BMHC’s Peer Support Program received $15,000 from the Ongoing Connections Grant, a continuous funding program by the SHIFT Centre for Social Transformation at Concordia. The free 12-week program, is hosted by a facilitator and active listener who welcomes Black members from the community to gather for weekly therapy sessions.
“The hope is to bring the community together to let everyone know that it's safe to express your vulnerability, that you can care for each other in a way that’s healing,” said Seivwright.
BMHC is also involved in Concordia’s Black Perspectives Office. As of August 2022, they have been training student ambassadors with wellness skills to improve on active listening.
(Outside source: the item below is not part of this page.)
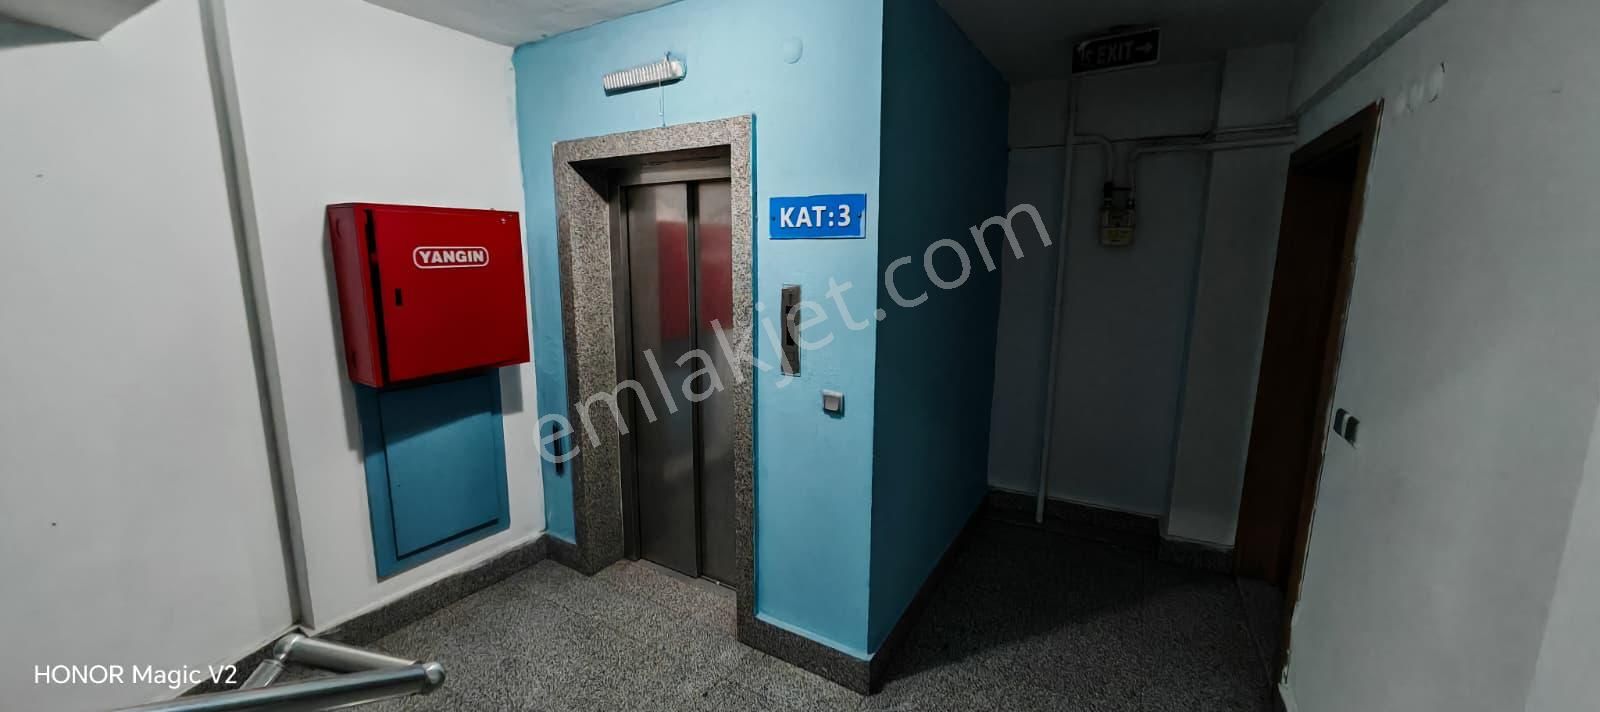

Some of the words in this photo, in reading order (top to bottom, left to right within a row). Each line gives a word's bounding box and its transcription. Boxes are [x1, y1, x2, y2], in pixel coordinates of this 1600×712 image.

[1096, 40, 1135, 65] EXIT
[780, 204, 851, 228] KAT:3
[419, 249, 485, 264] YANGIN
They also cover the core values and competencies of Peer Support Canada.
“In our own healing and mental health management journeys, we’ve all experienced a lack of support, a lack of resources and discrimination.” — Kristen Young
In collaboration with DESTA, the Black community network, BMHC has created Black Joy Sundays, a monthly community gathering that provides mental health resources and social activities to local members.
BMHC’s non-hierarchical structure consists of three membership stages, depending on one’s level of involvement. It currently consists of 57 community members, 16 being active voting members of the alliance.
Community members stay in the loop of BMHC’s information and contribute to events and services. Voting members attend a monthly meeting to consult and validate the resources, and volunteer up to five hours a month. Active members also take part in the voting process of BMHC. They meet minimally twice a month, but are responsible for the execution of the events and devote up to 10 hours or more weekly.
Young shared how to be a part of BMHC’s member hub. The alliance’s newsletter can be found under the “Get Involved” tab of their website.
“I think every member of BMHC is someone who is impassioned to tackle mental health in the Black community because in our own healing and mental health management journeys, we’ve all experienced a lack of support, a lack of resources and discrimination,” said Young.
Young and Steivwright are two of many BMHC members giving back to the Black community in ways they never felt before—and it's healing for them.
“I’m sure there are millions of others like me who need this support,” said Seivwright. “I want to ensure that I can help create the support that I needed when I was managing my mental health journey.”